Questo articolo nasce molto da un corso che ho appena fatto da Claudio Belotti dove si parlava di emozioni. Effettivamente le emozioni sono quelle cose che ti spingono all’azione, sono il nostro vero motore all’agire e spesso noi cerchiamo di sopprimerle perchè ci fanno paura, mentre, la differenza che  c’è tra un bravo comunicatore/motivatore e una persona che parla, credo sia proprio questo: far vivere ai tuoi giocatori e/o i tuoi collaboratori, con le tue parole, le proprie emozioni.
Le tue conoscenze non valgono nulla se non sei capace di trasmetterle ai tuoi giocatori/collaboratori, un leader diventa carismatico quando riesce a fare cose che i giocatori non pensavano di essere in grado di fare e quindi ad andare oltre i propri limiti. Basti pensare ai professori che avevamo a scuola, anche se odi una materia ma trovi un professore carismatico, un’attore consumato, ti incanta ti fa piacere la materia e non lo scorderai mai più.

Un esempio è il film “L’attimo fuggente” dove l’entusiasmo del professore John Keating (Robin Willians, uno dei miei attori preferiti) coinvolge un’intera classe a comporre poesie e a vedere il mondo con occhi propri e andare oltre i propri limiti.

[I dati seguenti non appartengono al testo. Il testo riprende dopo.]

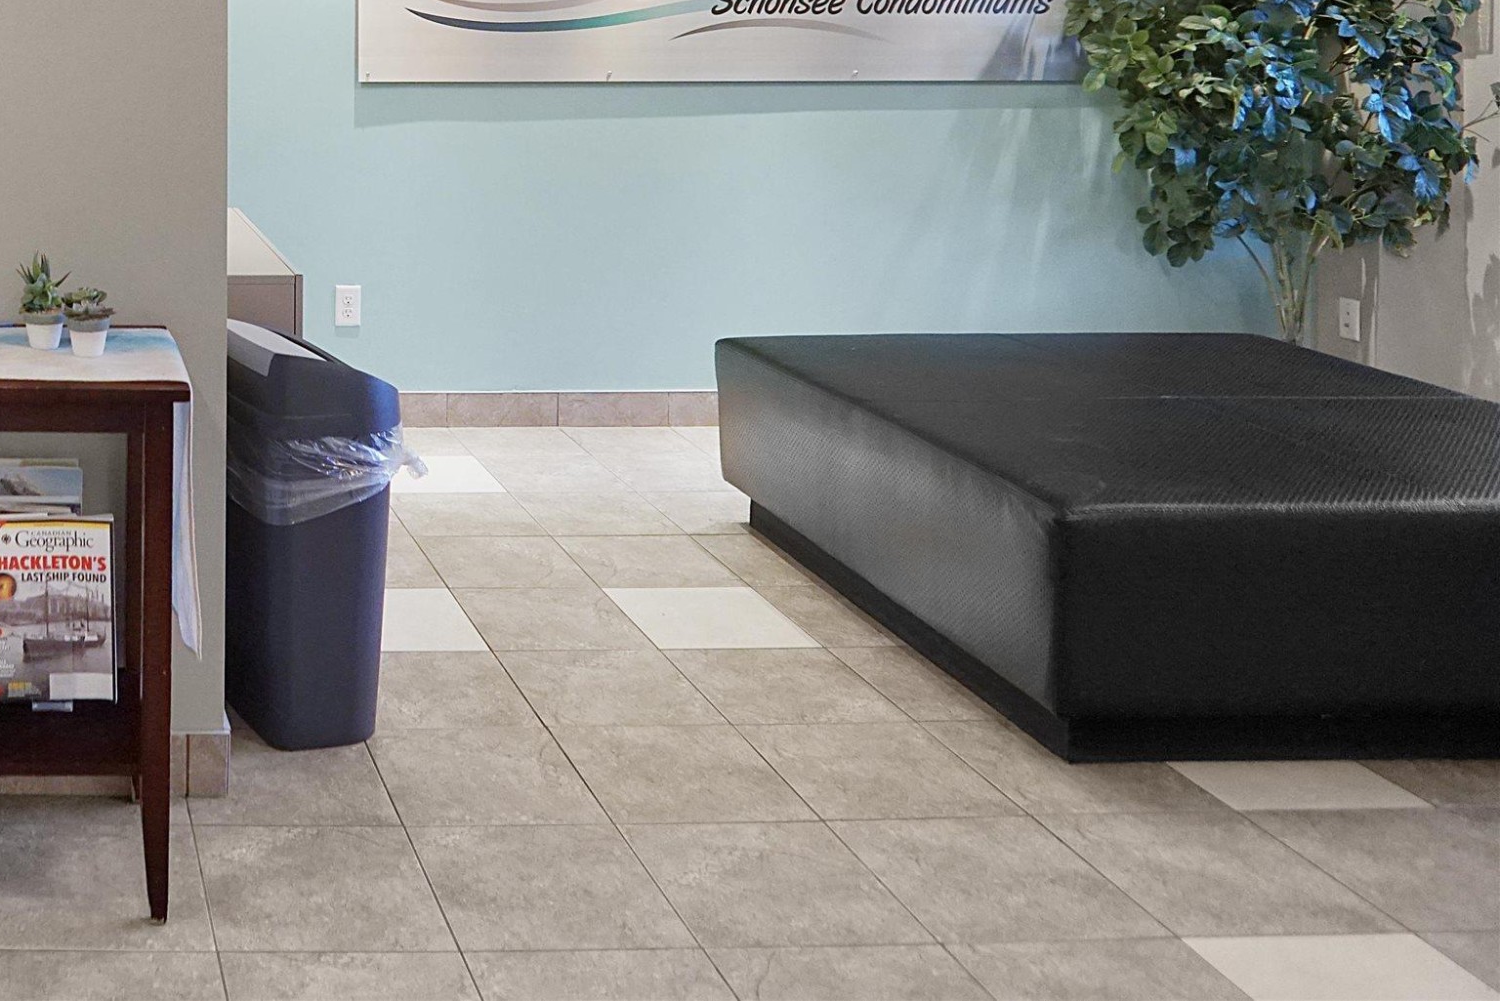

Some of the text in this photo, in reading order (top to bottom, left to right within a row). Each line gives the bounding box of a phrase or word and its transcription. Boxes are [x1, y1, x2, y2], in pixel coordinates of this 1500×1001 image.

Se avessi avuto io un professore così probabilmente avrei imparato molto di più…(forse ;-))

Spesso è meno importante quello che dici, ma che tono usi e quello che stai facendo mentre lo dici: controlla sempre il tuo corpo e il tono della tua voce.
In qualsiasi manuale di comunicazione troverete scritto che in percentuale il nostro messaggio viene percepito il 55% dal non verbale (corpo) 38% dal paraverbale (tono della voce) 7% verbale (la parola).

Pensate ad una frase e pronunciatela, poi urlatela intercalandola con delle pause più o meno lunghe, ora sedetevi, allungate le gambe, reclinate la schiena e pronunciate la frase. Ora mettete i gomiti sul tavolo e stringete i pugni e pronunciate nuovamente la frase, noterete molte differenze.
Questo vuol dire mettere del colore nella nostra comunicazione, muoverci in un certo modo, utilizzare una postura consona al messaggio che stiamo dando ai nostri atleti, modificare il tono della voce: alto, basso, rigido, fare attenzione alle pause che sono importantissime. I nostri interlocutori percepiscono se siamo sciolti o rigidi, se siamo sciolti trasmettiamo sicurezza, ci ascoltano e riusciamo così ad arrivare alle loro emozioni, a motivarli, altrimenti il nostro messaggio rischia di passare inosservato (e poi ci arrabbiamo e diciamo che gli altri non capiscono).

Ultimo, ma non ultimo, anzi credo che sia decisamente la prima cosa da imparare per una corretta comunicazione è l’ascolto.
Anche qui ci sarebbe molto da dire, e vi chiedo, ma se noi non ascoltiamo i nostri atleti o collaboratori, come possiamo sapere di cosa effettivamente hanno bisogno, come possiamo sapere come motivarli?
Si chiama “ascolto attivo” e vuol dire che quando una persona parla evito di intervenire, evito di crearmi dei giudizi, semplicemente ascolto raccolgo informazioni utili e poi intervengo, abbiamo due orecchie e una bocca sola, usale secondo proporzione: ascolta due parla uno.
“La tendenza a giudicare e criticare gli altri è la più grande barriera alla comunicazione e alla comprensione”. Carls Roger

Non esiste quindi un metodo per comunicare e motivare le persone. Esistono strade e percorsi diversi che portano ad un’unica meta. L’ascolto, e la corretta comunicazione ti aiutano a raggiungerla.